CNN’s Building Blocks

7 min readJun 1, 2021

In our era, we’re trying to train machines to make them do what we’re doing in daily basis. Not with the perfect rate but we are trying to develop machines to help us, makes us better, and faster at some important tasks. Computer vision is one of the most important task we’re working on. Seeing is a gift for human race. We can see, interpret, and analyze everything around us. When we look at a picture with dog chasing a ball eagerly, we can say just like I wrote. We can perceive the emotions in the picture, what is happening at that exact moment, or what can happen just after the shot. Computer vision task is trying to be developed for this purpose. Because sometimes, human vision may be inadequate or delayed. Sometimes instant responses may be required.

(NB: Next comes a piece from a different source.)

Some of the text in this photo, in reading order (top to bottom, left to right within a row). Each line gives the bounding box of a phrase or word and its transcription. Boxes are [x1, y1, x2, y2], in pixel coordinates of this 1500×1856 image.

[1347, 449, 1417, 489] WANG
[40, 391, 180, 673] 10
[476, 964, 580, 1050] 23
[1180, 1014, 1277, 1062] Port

Like, tumor diagnoses, intervention at the time of crime.

Computer vision is the science that enables computers to analyze and elaborate videos, and images like human brain does. Deep Neural Networks’ class Convolutional Neural Networks (CNN or ConvNet) are widely used for Computer Vision algorithms.

What is Convolutional Neural Network?

A CNN is a neural network: an algorithm used to recognize patterns in data. CNN is a specialized type of DNN (deep neural network) model designed for working with two or more dimensional image data. CNN takes its name from the ‘convolutional’ layer. This layer performs an operation called ‘convolution’.

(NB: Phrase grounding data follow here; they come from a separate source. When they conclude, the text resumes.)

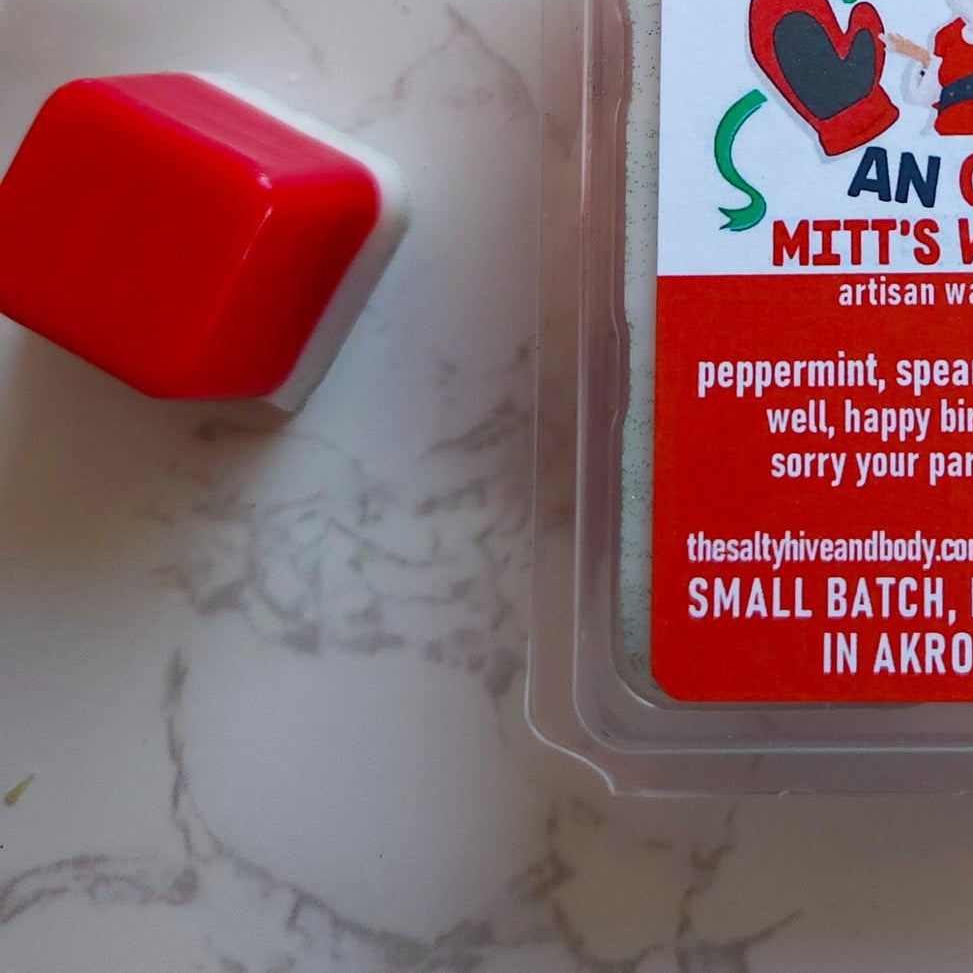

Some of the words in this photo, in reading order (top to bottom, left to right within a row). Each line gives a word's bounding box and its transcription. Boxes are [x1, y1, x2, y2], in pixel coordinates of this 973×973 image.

[847, 146, 941, 208] AN
[773, 218, 940, 266] MITT'S
[839, 277, 934, 305] artisan
[698, 351, 886, 398] peppermint,
[767, 401, 834, 438] well,
[845, 400, 930, 441] happy
[772, 453, 846, 486] sorry
[856, 453, 919, 486] your
[689, 578, 812, 617] SMALL
[828, 577, 955, 625] BATCH,
[824, 633, 857, 673] IN

🥁 Now, let’s break it down to every layer of CNN with detailed.

1. Convolution Layer

A convolutional layer involves the multiplication of a set of weights with the input, like traditional neural network but for CNNs, we have two dimensional input. The multiplication is performed between an array of input data and a two dimensional array of weights, called a filter or a kernel.

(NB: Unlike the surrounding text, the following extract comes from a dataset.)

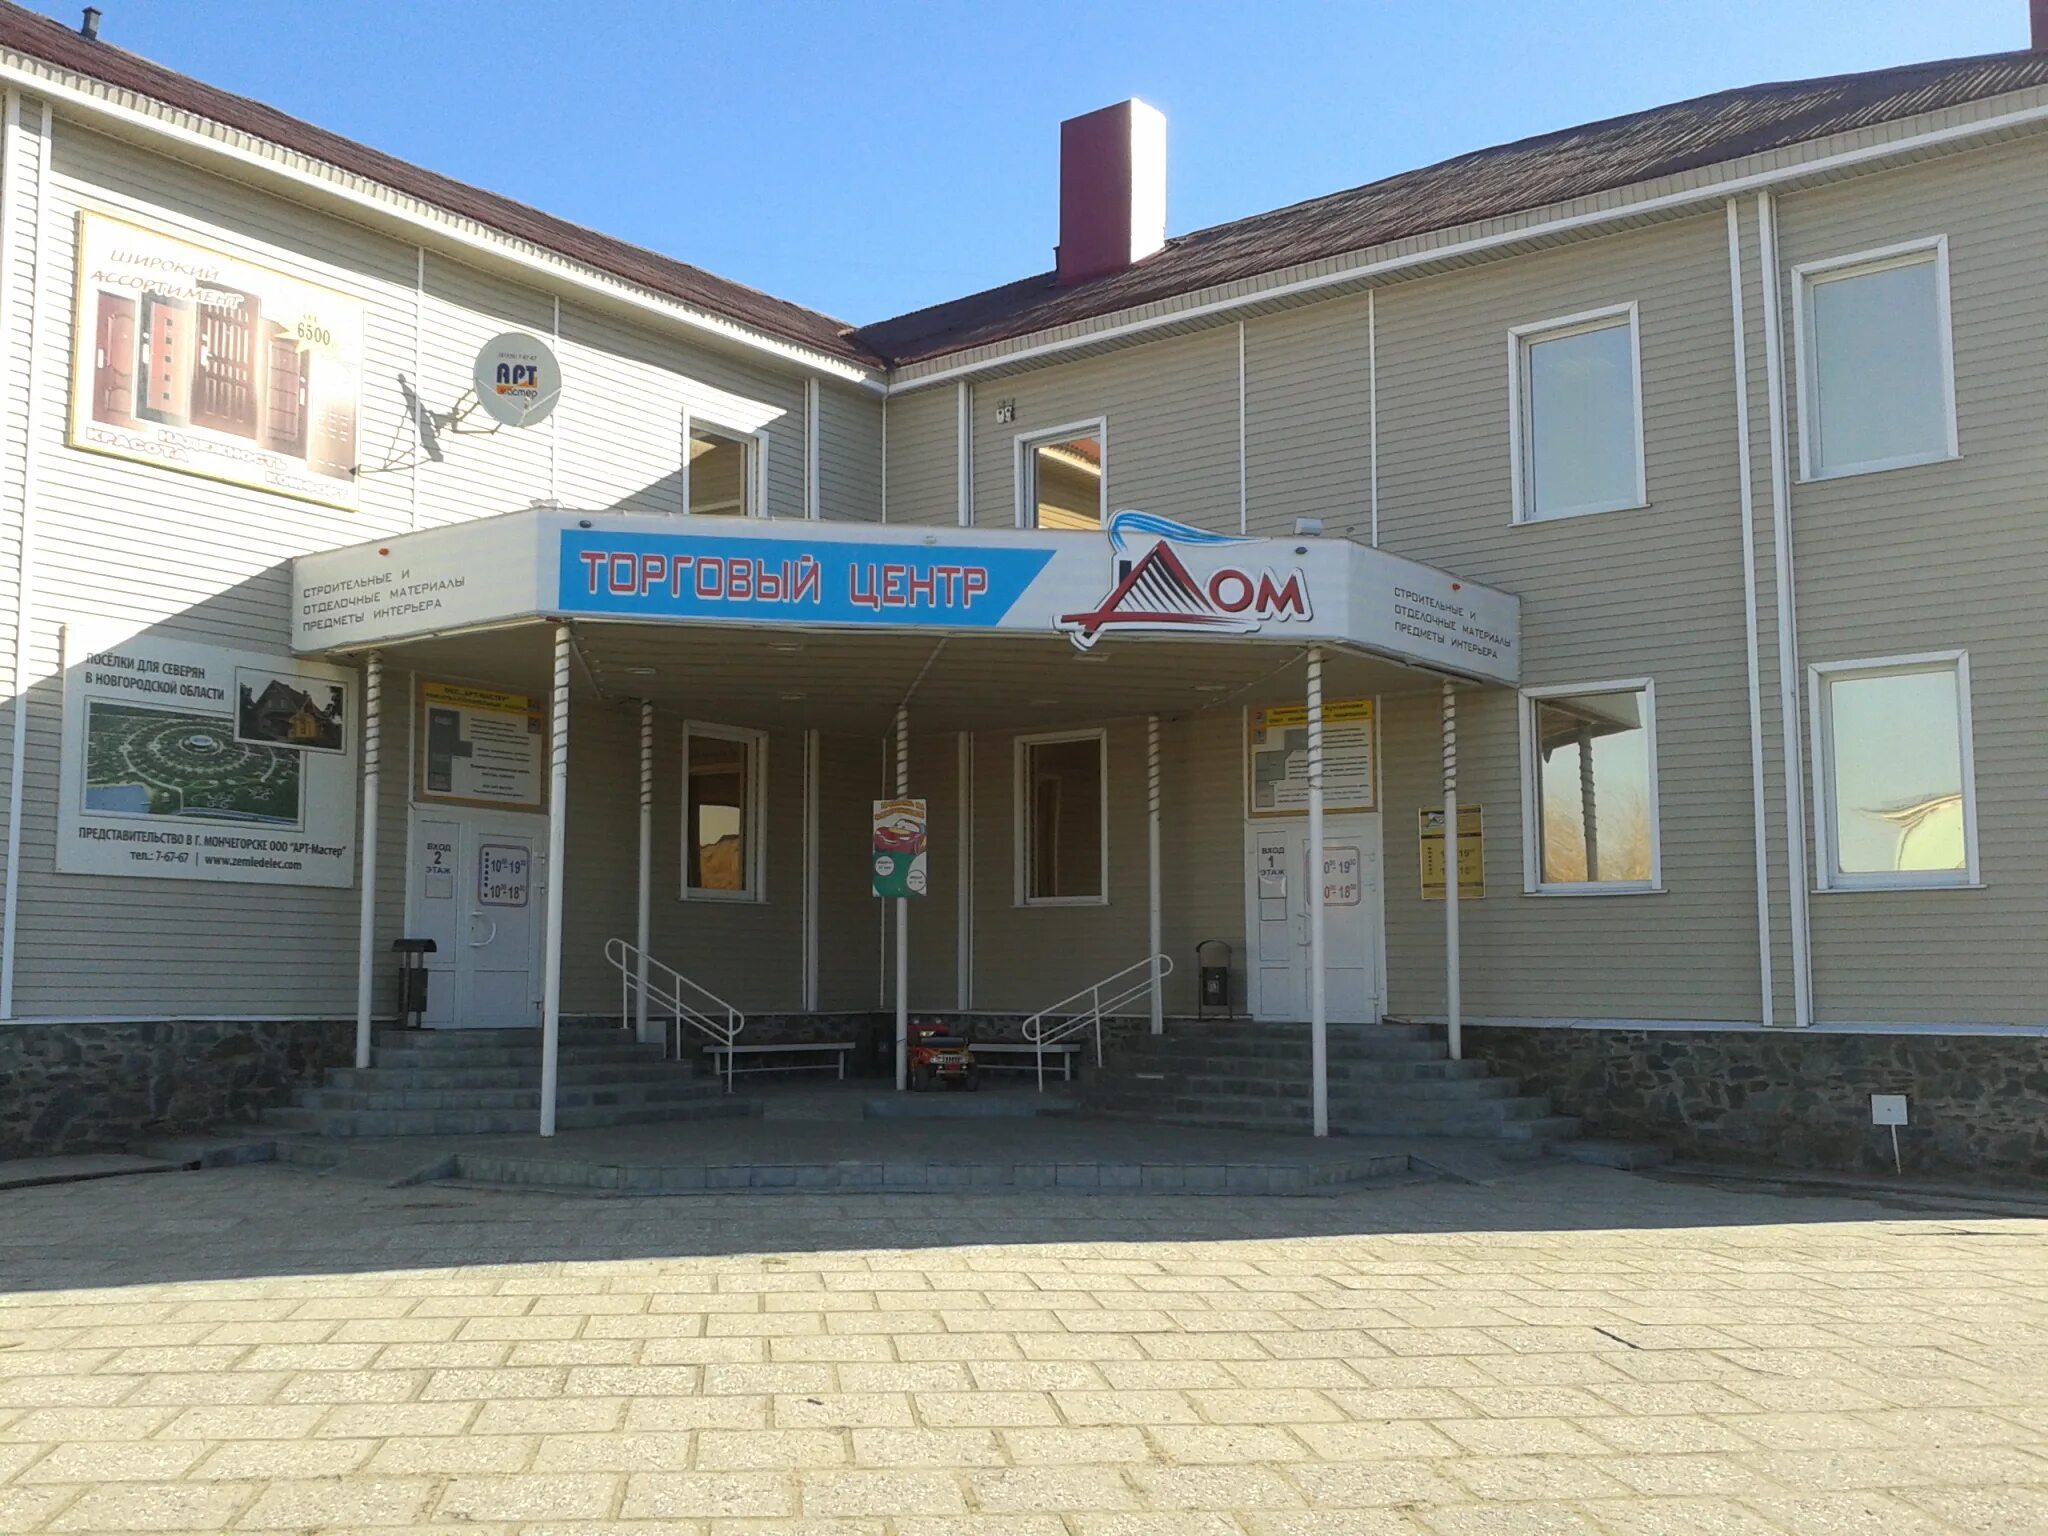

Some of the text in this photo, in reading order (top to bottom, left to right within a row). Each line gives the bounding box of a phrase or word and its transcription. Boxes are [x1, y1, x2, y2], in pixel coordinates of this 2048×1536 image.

This filter or kernel is always smaller than input, and moves all over the image matrix. It multiply its values by the original pixel values, and all these multiplications are summed up to one number at the end. This filter moves to the right and down in n (can vary) steps. Result matrix is (should be) smaller than the input matrix.

The output array that occurs after this operation between input and filter is called ‘feature (or activation) map’.

It’s hyper parameters include the filter size F, and stride (step size) S.

Color images consist of three channels (red-green-blue, or RGB). Therefore, the convolution process is done for three channels. The number of channels of the feature map will also be equal to the number of channels of the filter.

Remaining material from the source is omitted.